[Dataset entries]
--- START ---

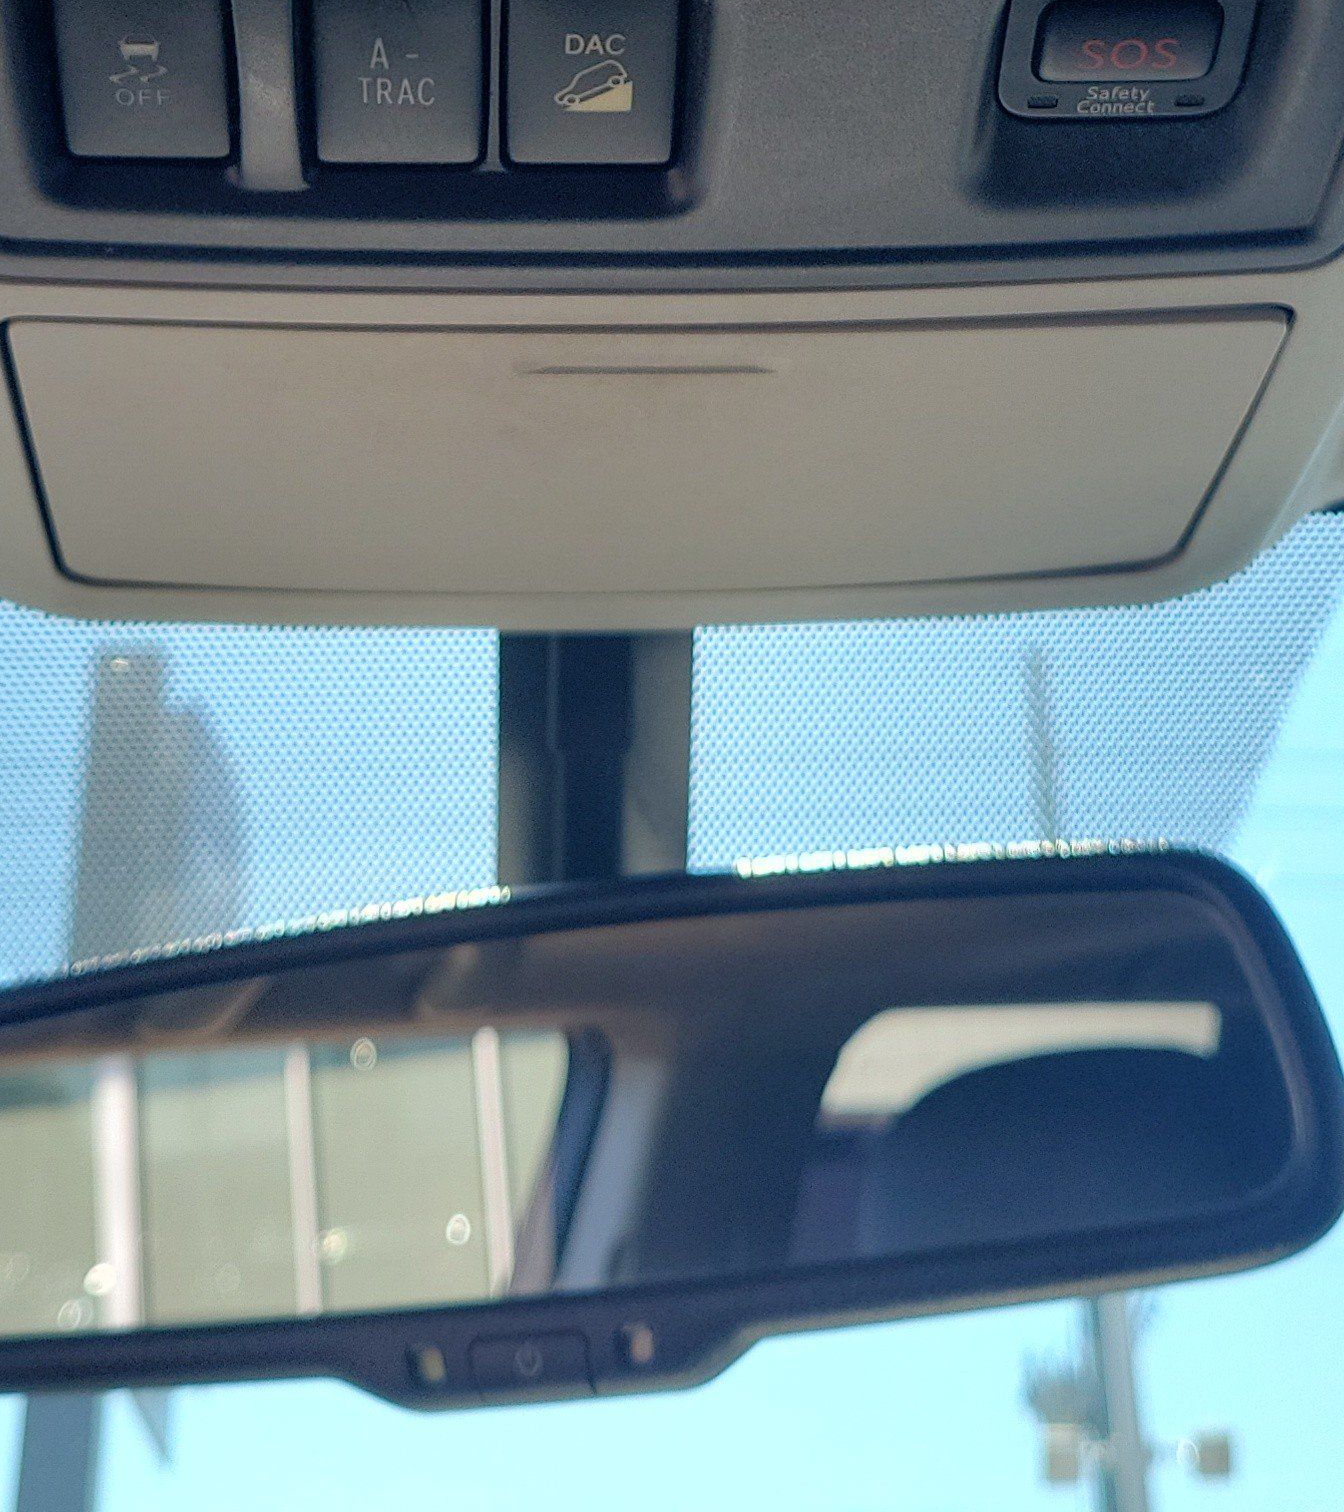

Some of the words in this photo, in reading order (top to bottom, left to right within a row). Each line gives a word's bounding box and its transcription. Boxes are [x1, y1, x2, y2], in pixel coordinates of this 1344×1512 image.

[564, 32, 627, 56] DAC
[1074, 36, 1181, 71] SOS
[115, 88, 170, 106] OFF
[358, 76, 436, 107] TRAC
[1086, 86, 1151, 101] Safety
[1076, 99, 1156, 115] Connect
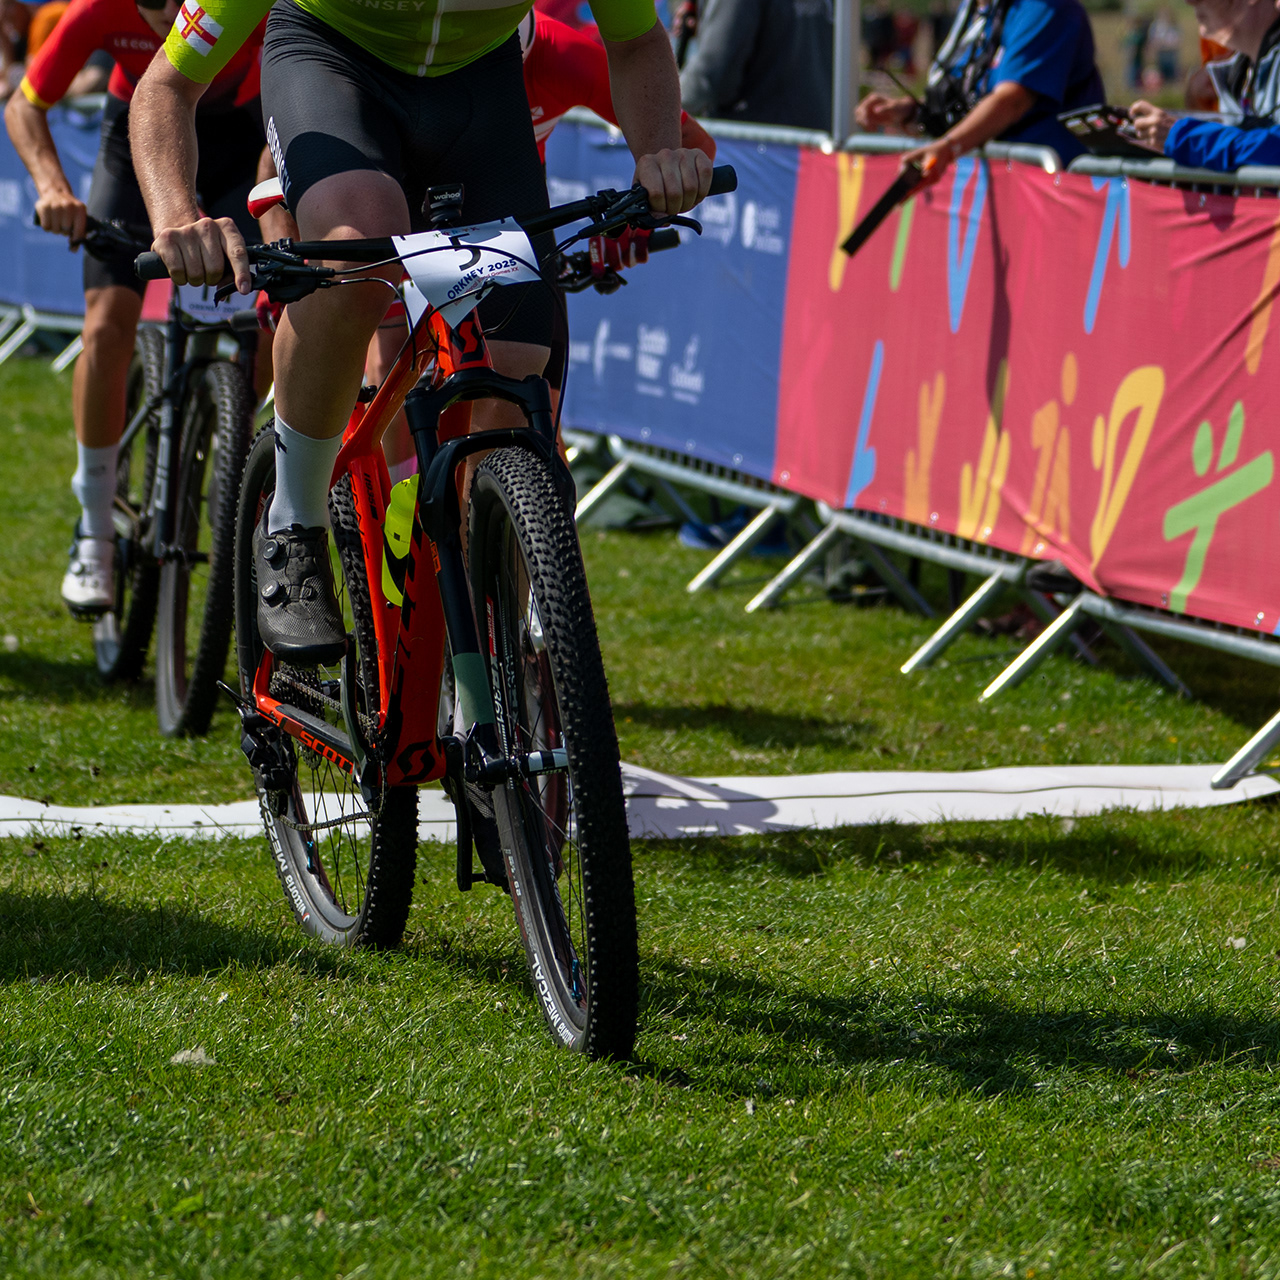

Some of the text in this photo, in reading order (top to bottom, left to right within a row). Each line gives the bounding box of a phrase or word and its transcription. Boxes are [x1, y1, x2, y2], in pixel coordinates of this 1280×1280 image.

[433, 191, 461, 201] wahoo
[447, 258, 517, 300] ORKNEY 2025
[531, 952, 562, 1027] MEZCAL
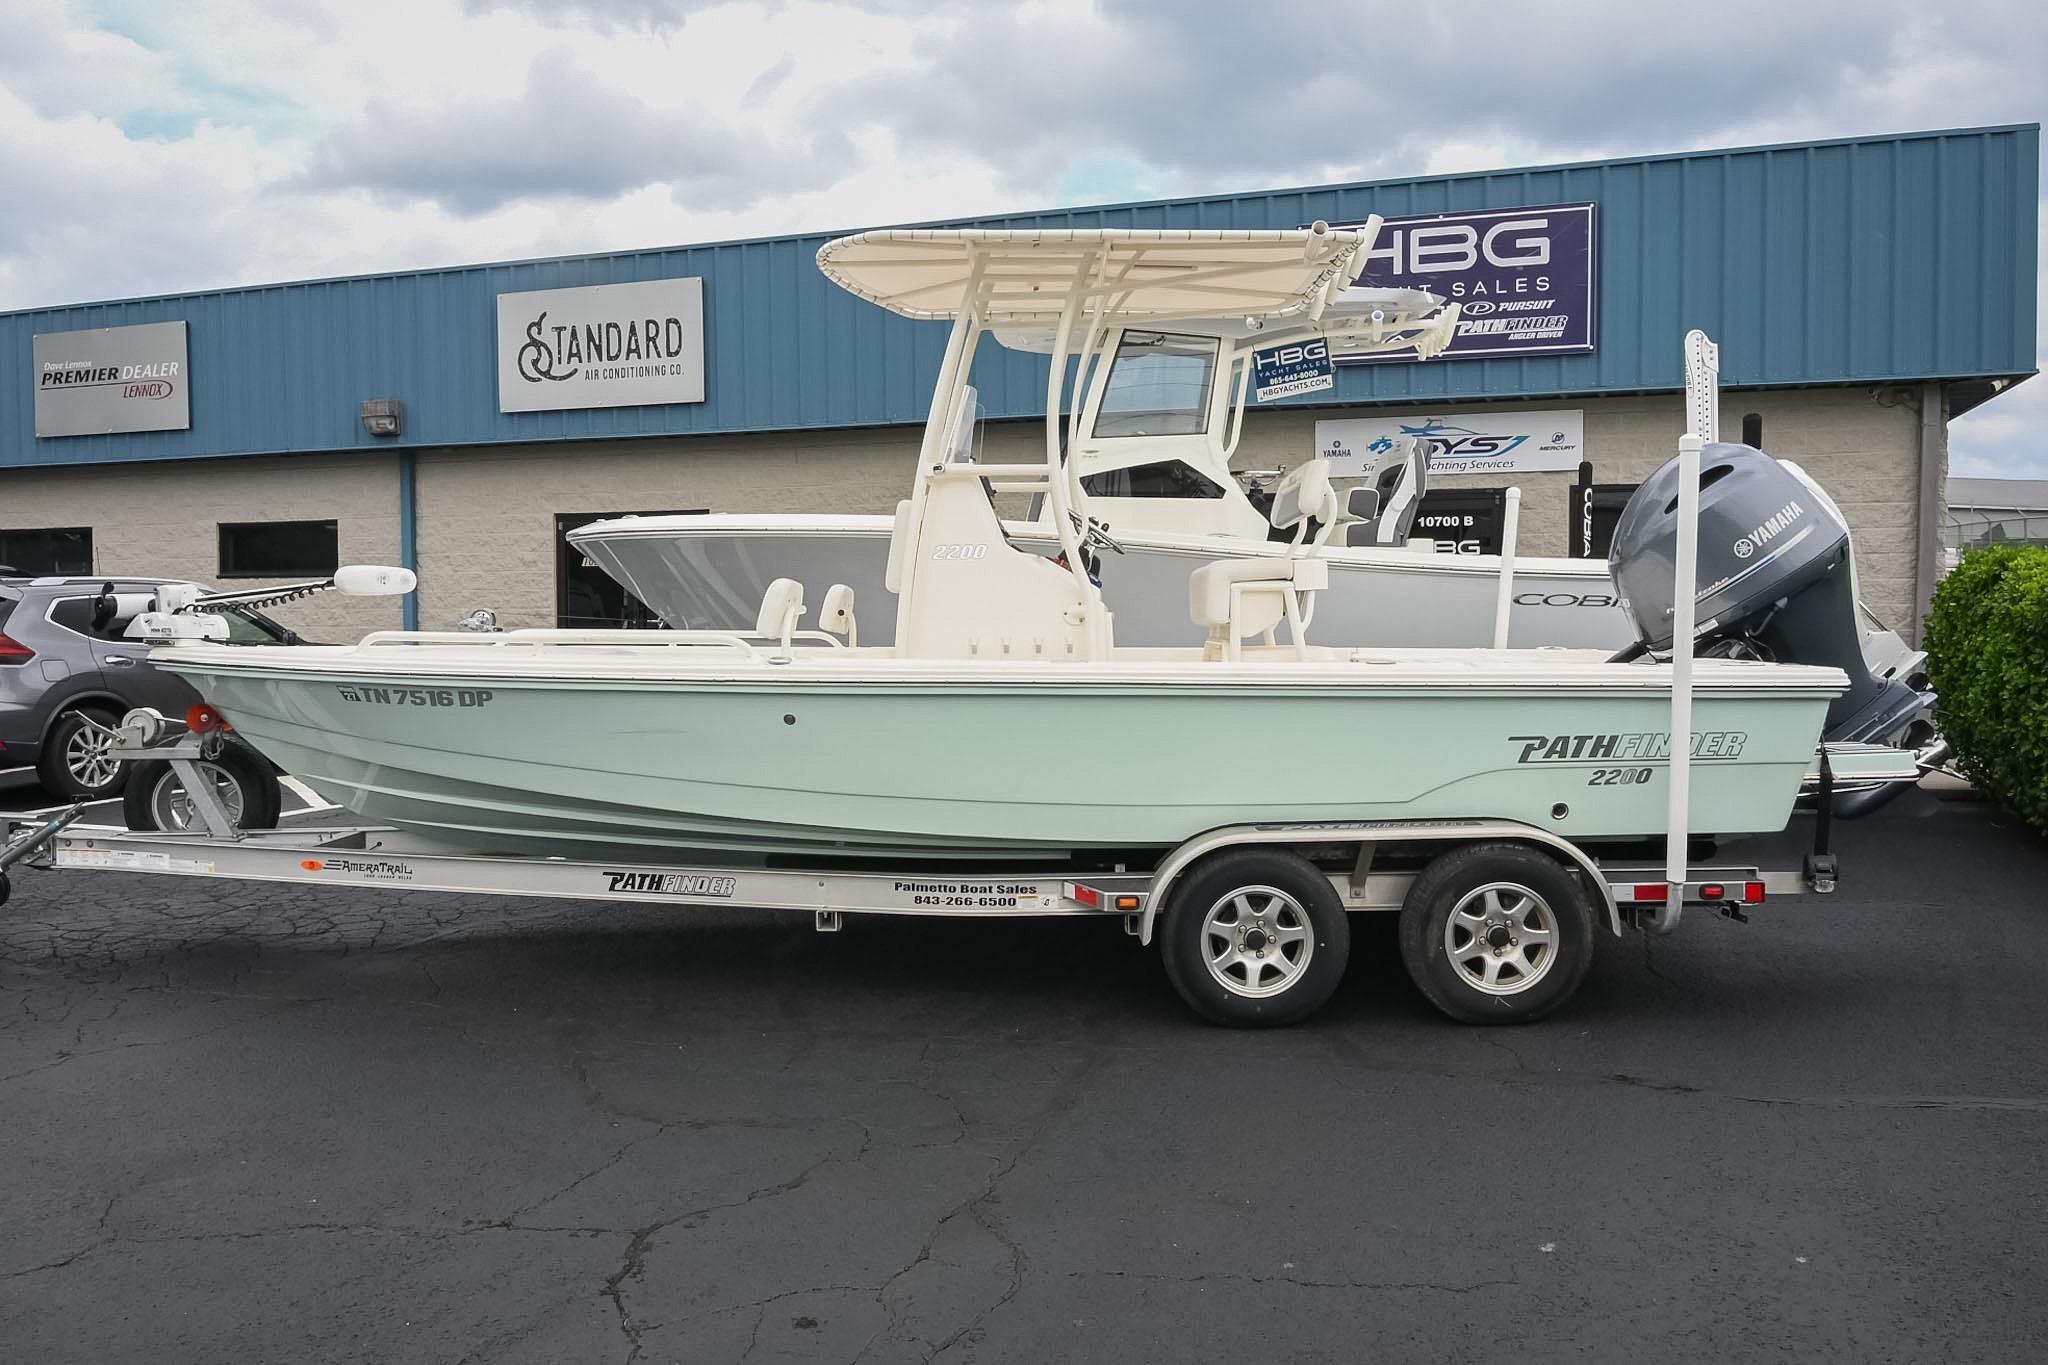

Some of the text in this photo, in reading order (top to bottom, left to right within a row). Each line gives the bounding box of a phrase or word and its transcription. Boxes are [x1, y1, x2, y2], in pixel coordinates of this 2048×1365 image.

--- END ---

_To do_: Output the records exactly, please. The pictures are not part of the copy.

_Written answer_:
Some of the words in this photo, in reading order (top to bottom, left to right within a row). Each line gives a word's bounding box and its transcription. Boxes are [x1, y1, x2, y2], in pixel coordinates of this 1344×1512 image.

[564, 32, 627, 56] DAC
[1074, 36, 1181, 71] SOS
[115, 88, 170, 106] OFF
[358, 76, 436, 107] TRAC
[1086, 86, 1151, 101] Safety
[1076, 99, 1156, 115] Connect

Some of the text in this photo, in reading order (top to bottom, left to right within a row). Each line gives the bounding box of a phrase or word and its transcription. Boxes are [x1, y1, x2, y2], in pixel coordinates of this 1280×1280 image.

[433, 191, 461, 201] wahoo
[447, 258, 517, 300] ORKNEY 2025
[531, 952, 562, 1027] MEZCAL

Some of the text in this photo, in reading order (top to bottom, left to right within a row). Each line gives the bounding box of a phrase or word and its transcription. Boxes are [x1, y1, x2, y2], in pixel coordinates of this 2048×1365 image.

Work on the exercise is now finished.